---------- Excerpted records ----------

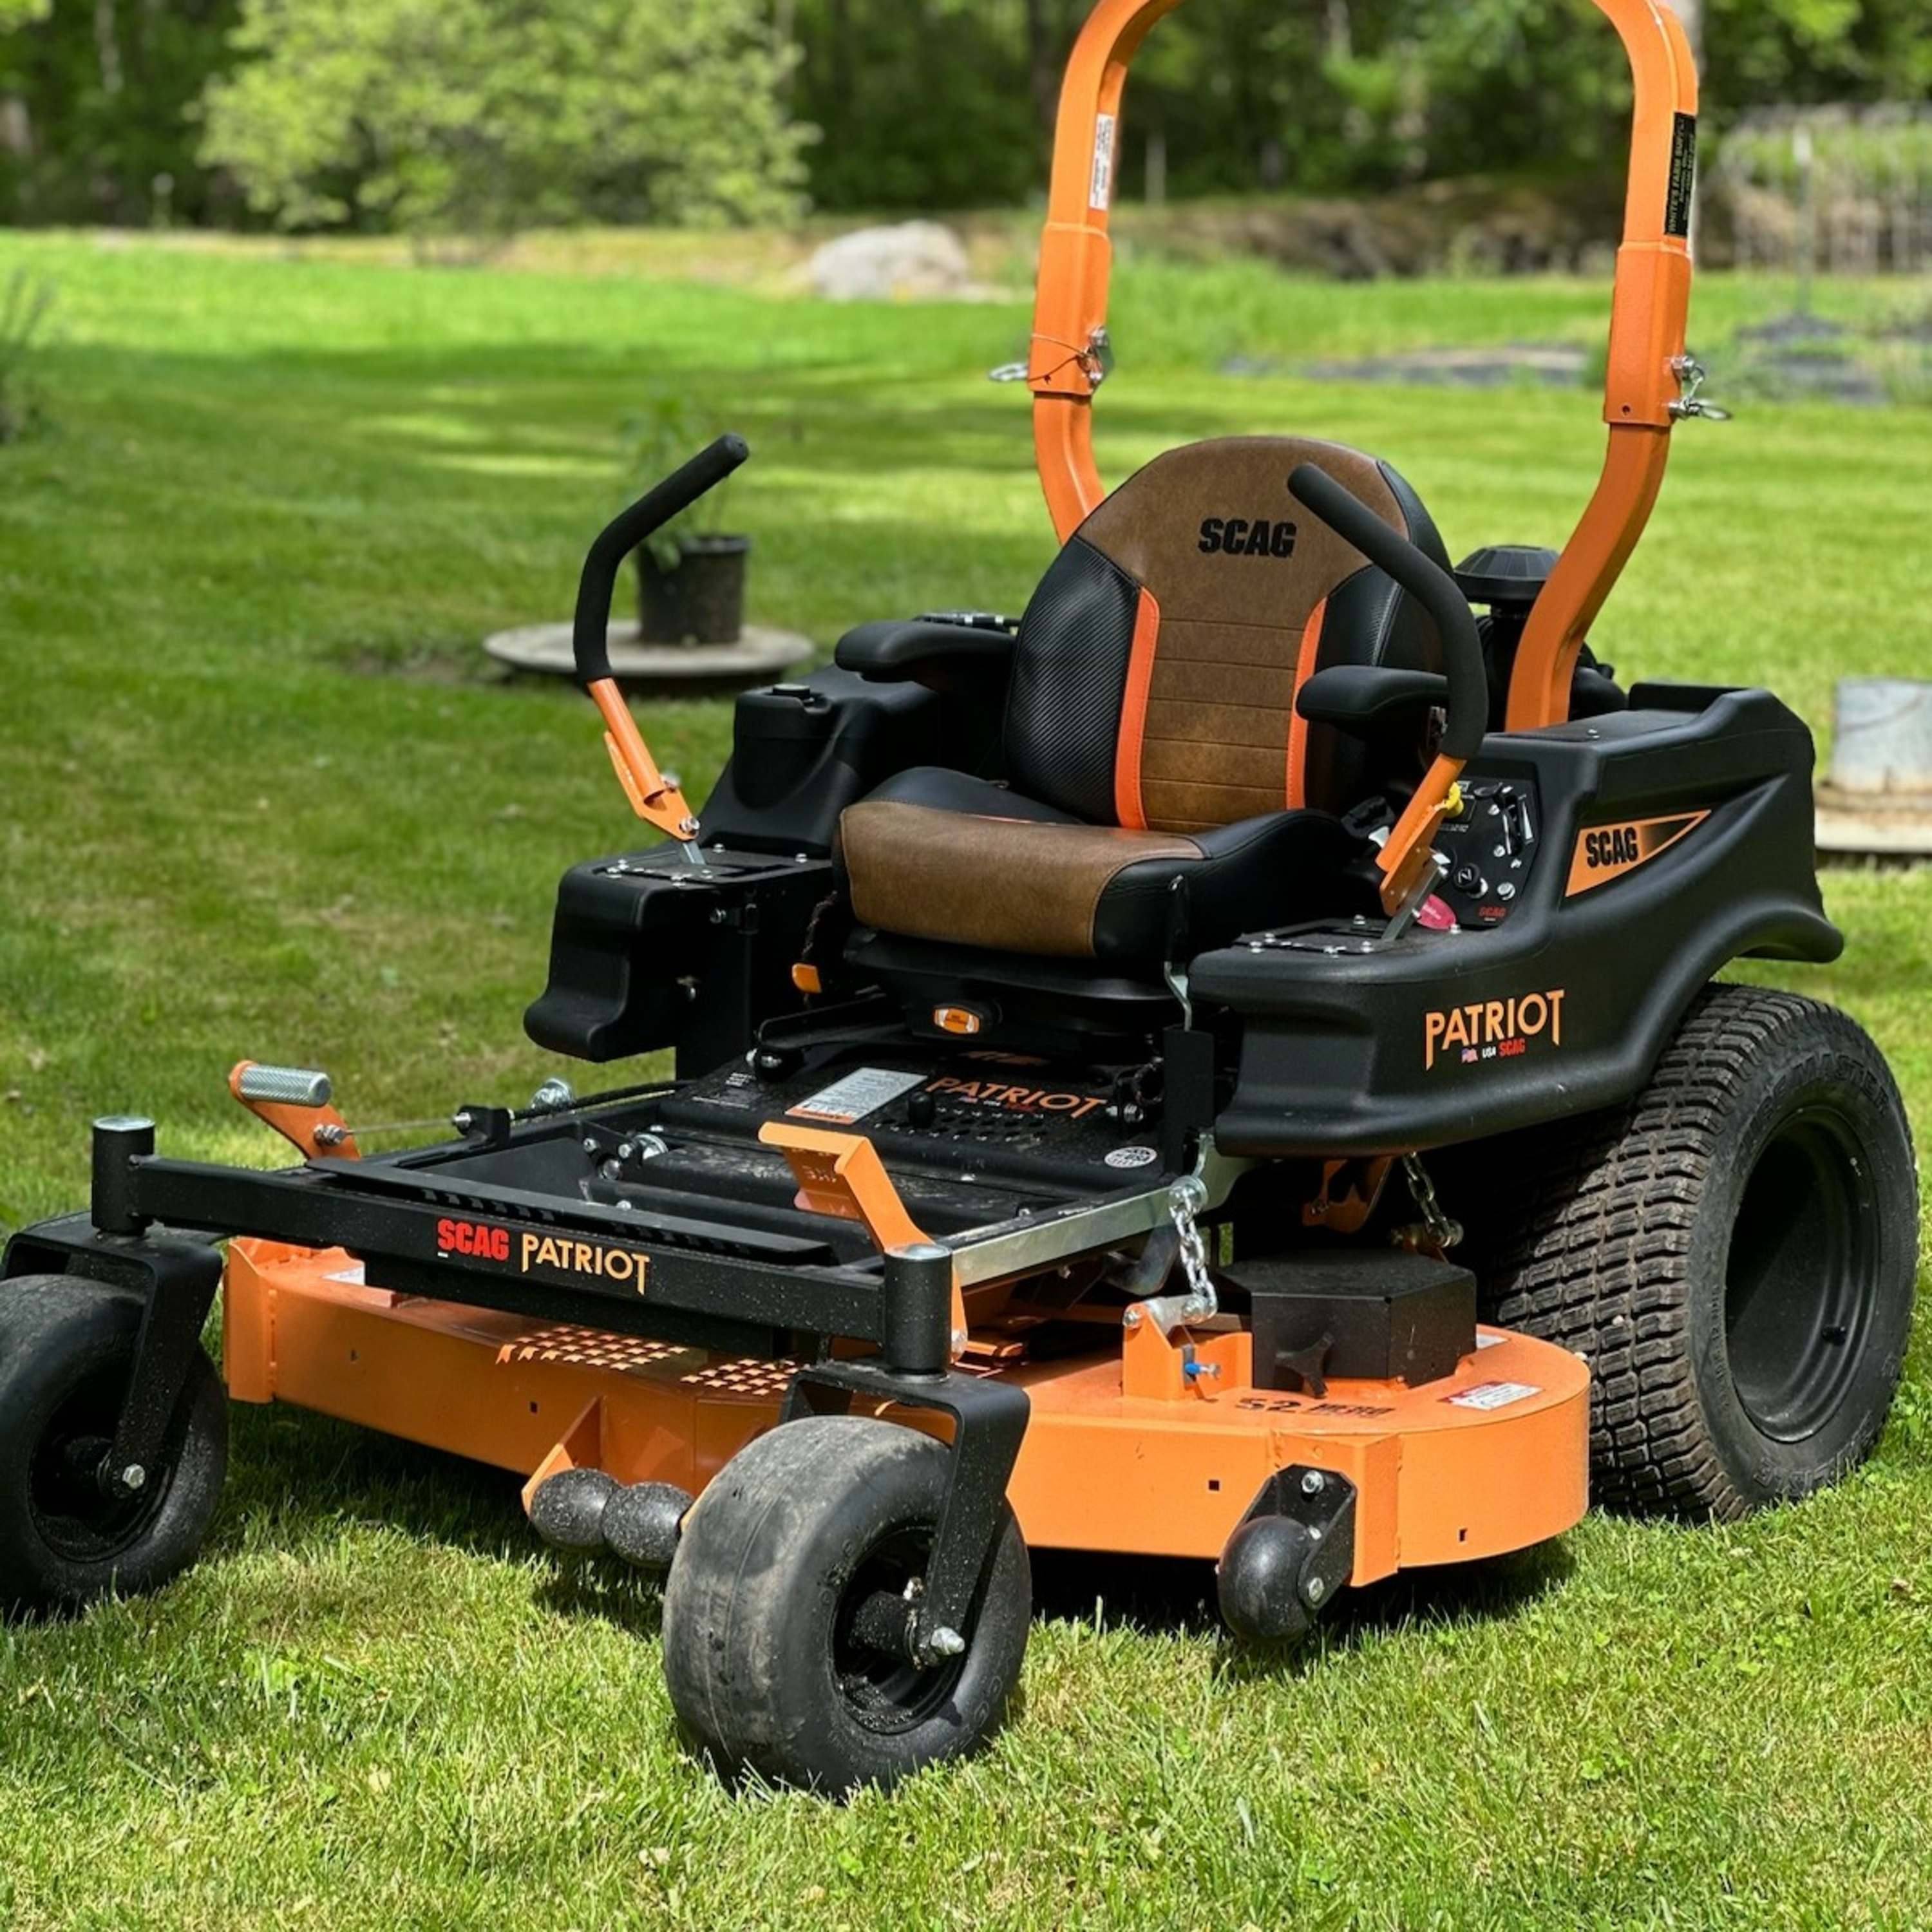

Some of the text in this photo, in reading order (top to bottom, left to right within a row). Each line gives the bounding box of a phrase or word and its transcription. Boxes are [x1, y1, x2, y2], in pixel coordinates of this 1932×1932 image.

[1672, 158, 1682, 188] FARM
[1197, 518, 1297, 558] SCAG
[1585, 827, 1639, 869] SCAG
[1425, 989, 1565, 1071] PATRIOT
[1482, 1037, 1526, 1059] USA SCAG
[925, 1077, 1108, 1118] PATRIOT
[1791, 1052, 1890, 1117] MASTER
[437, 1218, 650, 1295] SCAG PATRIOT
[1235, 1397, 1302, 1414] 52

----------

What to do
Your copy must match the records above word for word and contain no pictures.

Answer area
Some of the text in this photo, in reading order (top to bottom, left to right within a row). Each line gives the bounding box of a phrase or word and its transcription. Boxes are [x1, y1, x2, y2], in pixel coordinates of this 1932×1932 image.

[1672, 158, 1682, 188] FARM
[1197, 518, 1297, 558] SCAG
[1585, 827, 1639, 869] SCAG
[1425, 989, 1565, 1071] PATRIOT
[1482, 1037, 1526, 1059] USA SCAG
[925, 1077, 1108, 1118] PATRIOT
[1791, 1052, 1890, 1117] MASTER
[437, 1218, 650, 1295] SCAG PATRIOT
[1235, 1397, 1302, 1414] 52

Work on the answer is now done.